*Activity*
Return the whole listing unchanged. Drop the images.

[[ Exercise material open ]]

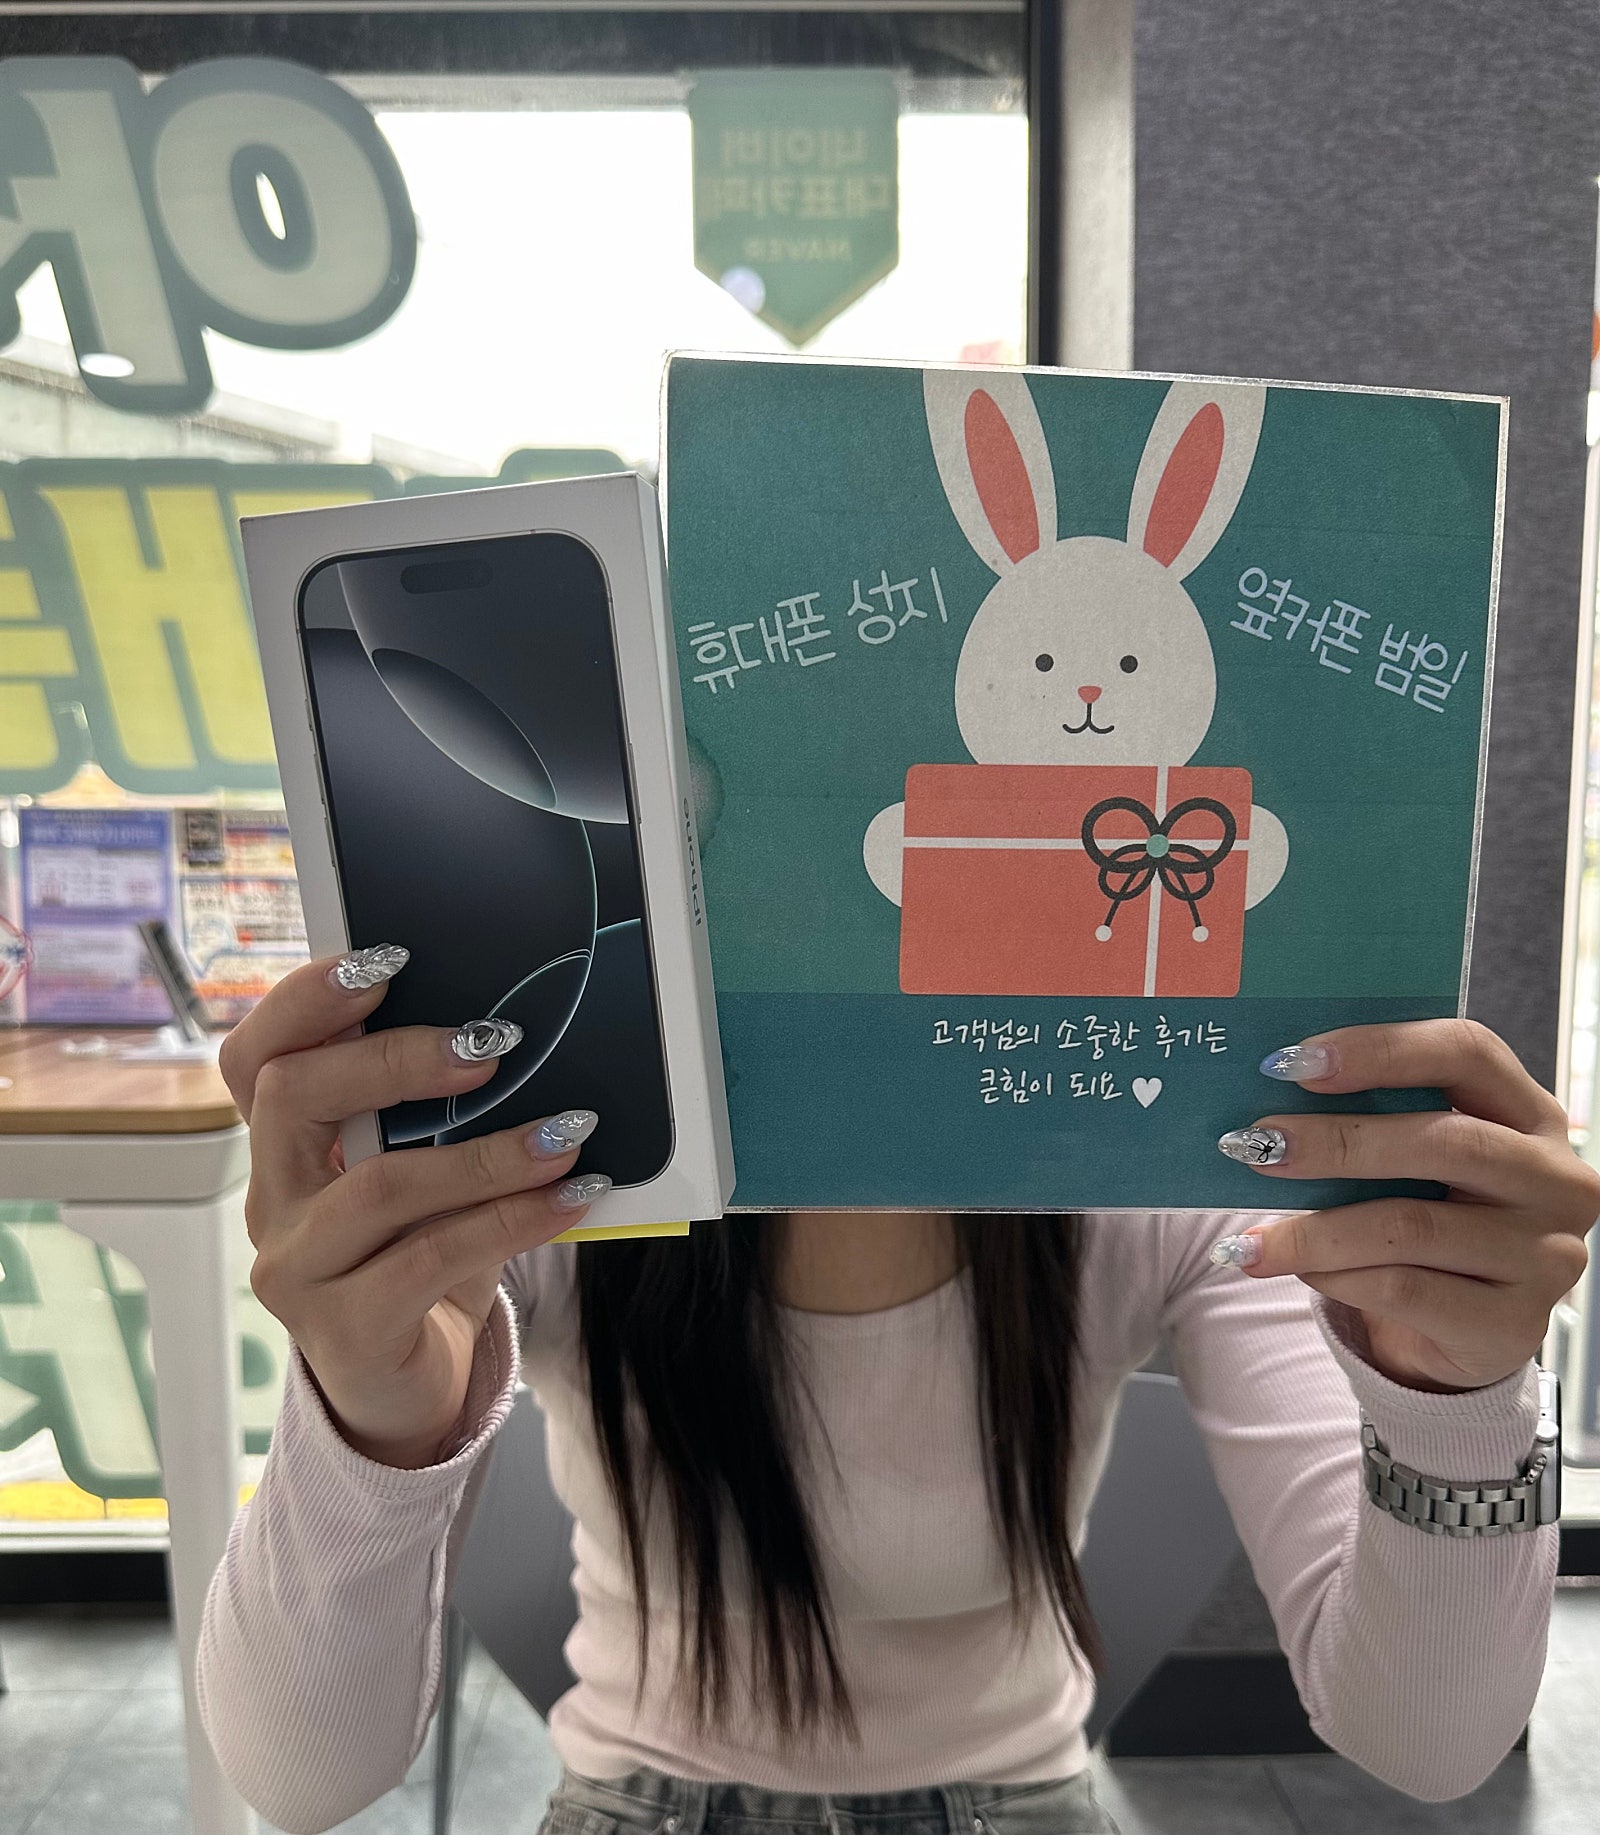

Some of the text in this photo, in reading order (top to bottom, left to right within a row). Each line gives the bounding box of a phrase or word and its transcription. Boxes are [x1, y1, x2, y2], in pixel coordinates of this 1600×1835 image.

[687, 566, 948, 694] 휴대폰 성지
[1230, 566, 1469, 714] 옆커폰 범일
[932, 1014, 1228, 1060] 고객님의 소중한 후기는
[979, 1067, 1123, 1104] 큰힘이 되요

[[ Exercise material closed ]]

*Answer section*
Some of the text in this photo, in reading order (top to bottom, left to right within a row). Each line gives the bounding box of a phrase or word and its transcription. Boxes are [x1, y1, x2, y2], in pixel coordinates of this 1600×1835 image.

[687, 566, 948, 694] 휴대폰 성지
[1230, 566, 1469, 714] 옆커폰 범일
[932, 1014, 1228, 1060] 고객님의 소중한 후기는
[979, 1067, 1123, 1104] 큰힘이 되요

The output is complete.